Mais en parlant de li vous mordez en capon ;
Je ne sçai ma foi pas où votre esprit s'amuse ;
No pouroit bien itout vo loger dans ste muse.
Su bon Roi que Dieu gard n'a-t-il pas bian raison
D'empêcher s't Empereur qui fait tant le bravache ;
Il voudrait quasiment venir dans sa maison,
Jusque sur son pallier l'y rel'ver la moustache
; Je connois stoisiau là, je sçai bian cheu qu'chen est,
Si no le laissoit faire il l'y viandroit tout prendre,
Il l'y quiroit pardienne à la fin sur le nais ;
Et je souffririons cha ! nennin, faut le deffendre.
S't Empereur est bian fort, il a biaucoup de gens,
Nos a dit men cousin, il a de bonnes villes ;
Ste guerre, me zamis, tardera bian dix ans.
Tétai, lui fis-je, hableux ; quand y seroient chent mille,
Que nous f'ront-ils à nos dans tout su païs là ?
Je veux qu'au premier jour tous nos gens les embroque.
Monsieur de Catinat, est-ce un quien que st'homm' là ?
Comme diantre il leur fra dégringaler les roques !

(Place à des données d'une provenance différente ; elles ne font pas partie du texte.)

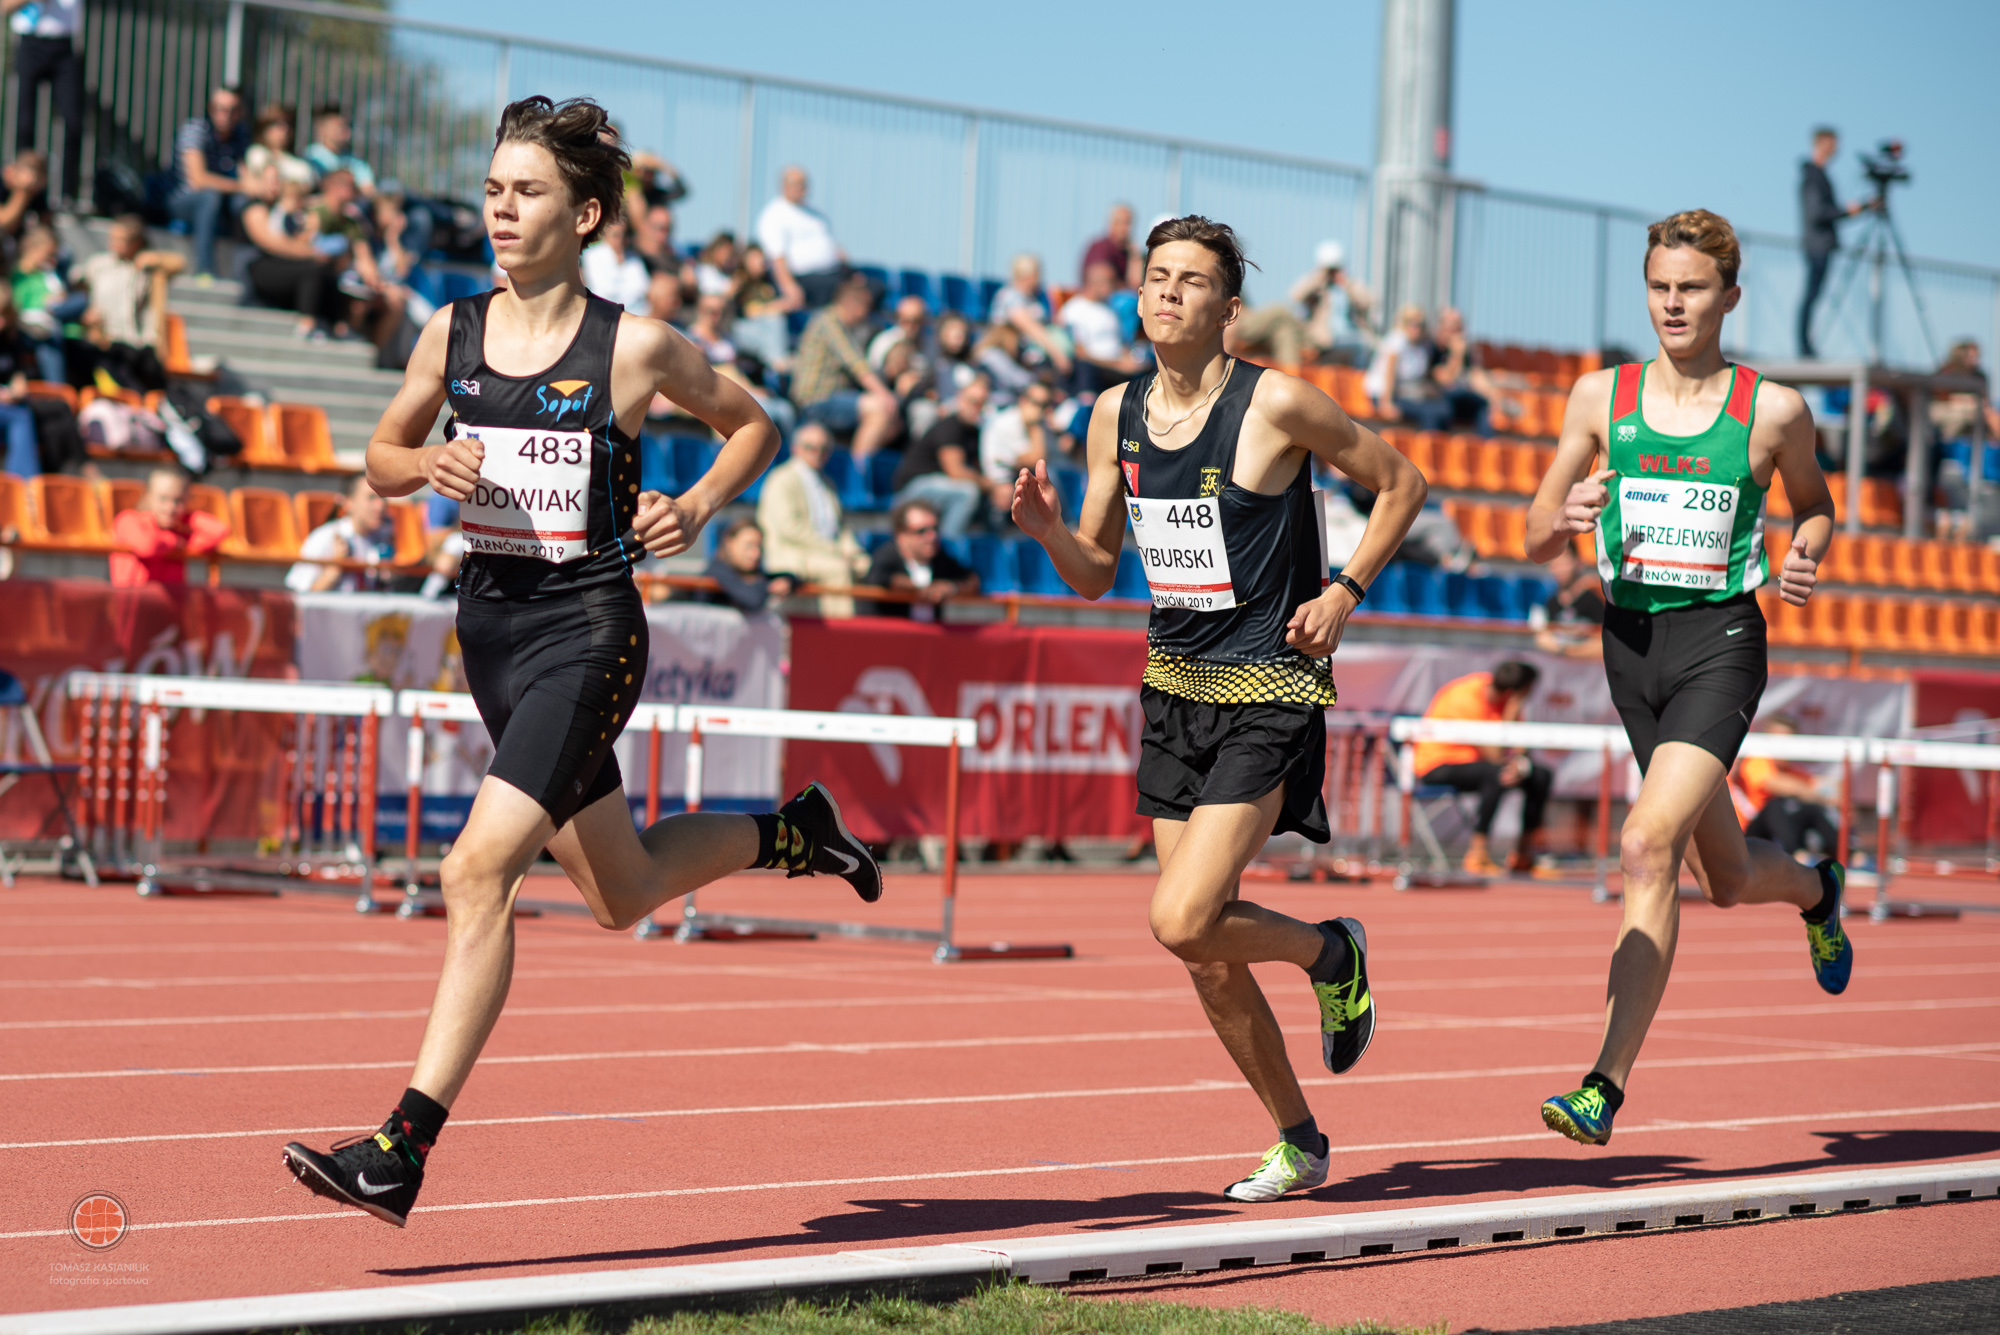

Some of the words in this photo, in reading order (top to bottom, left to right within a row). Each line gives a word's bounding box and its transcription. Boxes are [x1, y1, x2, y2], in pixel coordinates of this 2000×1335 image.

[536, 385, 593, 422] Sopot
[517, 436, 583, 465] 483
[1122, 438, 1140, 453] esa
[1638, 453, 1711, 474] WLKS
[466, 484, 583, 513] DOWIAK
[1683, 488, 1733, 512] 288
[1166, 504, 1214, 529] 448
[469, 537, 527, 553] TARNÓW
[531, 545, 565, 559] 2019
[1625, 523, 1729, 550] MIERZEJEWSKI
[1138, 547, 1214, 569] YBURSKI
[1634, 567, 1681, 583] TARNÓW
[1685, 574, 1711, 586] 2019
[1152, 593, 1185, 607] ARNÓW
[1187, 597, 1213, 608] 2019
[974, 702, 1130, 754] ORLEN

Pour su prince d'Orange, il faut noz en défier,
C'est un rusé matois et qui a bian la mine
De no joüer encor un tour de son métier,
O bien de no bailler un retour de matine :
Dans ste dernière guerre il no za bien montré
Auec s'nesprit songeard qu'il en sçavoit plus d'une,
Et quand il fait semblant de donner s'namitié
Il songe à nous servir comme à prendre la lune ;
Je gagerois morguienne que no ly frit de zoeufs,
Qu'il rit sous s'en capel en veiant tout su trouble ;
Pour pêquer en yau troubl' chest un maître pêqueux,
Il en era sa part sans qu'il ly en coute un double.

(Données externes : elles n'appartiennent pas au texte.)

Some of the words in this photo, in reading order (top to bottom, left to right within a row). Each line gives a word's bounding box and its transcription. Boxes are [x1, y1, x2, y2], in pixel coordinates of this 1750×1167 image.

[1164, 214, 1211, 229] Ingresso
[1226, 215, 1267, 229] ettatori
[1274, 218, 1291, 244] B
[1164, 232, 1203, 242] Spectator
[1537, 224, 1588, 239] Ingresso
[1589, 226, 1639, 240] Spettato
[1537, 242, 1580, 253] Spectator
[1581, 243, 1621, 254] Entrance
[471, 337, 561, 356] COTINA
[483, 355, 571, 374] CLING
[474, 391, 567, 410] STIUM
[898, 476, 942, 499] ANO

Enfin je vo dirai que l'commerce est rompu :
Les marchands de ste bourse y n'ont pu de pécune ;
Lya bian du rabat joie et je ne filons pu ;
Tous ches meilleurs viuans en sont tous cambrelune :
Je m'en aperchais bian, j'en enrage mordi ;
Je sis turlubrelu, j'en deviens tout étique,
Je n'ai pu de poustin pour faire m'en lundi
Et no pâle déjà de fermer la boutique :
M'en père, adieu, je me r'commende à vous ;
Cheux nous durant la guerr' ne vo boutés en paine.

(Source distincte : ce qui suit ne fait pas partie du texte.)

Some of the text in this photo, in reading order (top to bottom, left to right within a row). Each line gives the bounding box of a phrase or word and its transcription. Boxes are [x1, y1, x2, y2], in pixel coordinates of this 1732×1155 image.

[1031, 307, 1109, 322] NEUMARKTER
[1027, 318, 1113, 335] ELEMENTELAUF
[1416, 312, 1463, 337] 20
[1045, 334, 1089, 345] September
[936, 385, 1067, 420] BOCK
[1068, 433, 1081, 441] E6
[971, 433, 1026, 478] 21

Mes baise mains à Jean, à su Piarrot itout :
Pour mai je vos attends au bout de la semaine.

 
Notes :
(1) La ville de Dieppe avoit été bombardée et brûlée lors de la dernière guerre.
(2) Le Roi confie ordinairement aux invalides la garde du Hâvre et des côtes voisines.
(3) Le Roi, qui avoit juré de ne jamais rétablir la capitation, le fit néanmoins par la déclaration du 12 mars 1701, et elle fut bien plus onéreuse qu'elle ne l'avoit été lors de la dernière guerre.
(4) La superstition aiant extrêmement multiplié les fettes, Mgr l'archevêque en retrancha fort sagement un certain nombre dans son diocèse, ce qui fut regardé par la folle populace cõme une entreprise sacrilége.
(5) Il étoit fils de Mr Colbert, ministre d'Etat.
(6) C'est le lieu où tous les purins de la ville s'assemblent.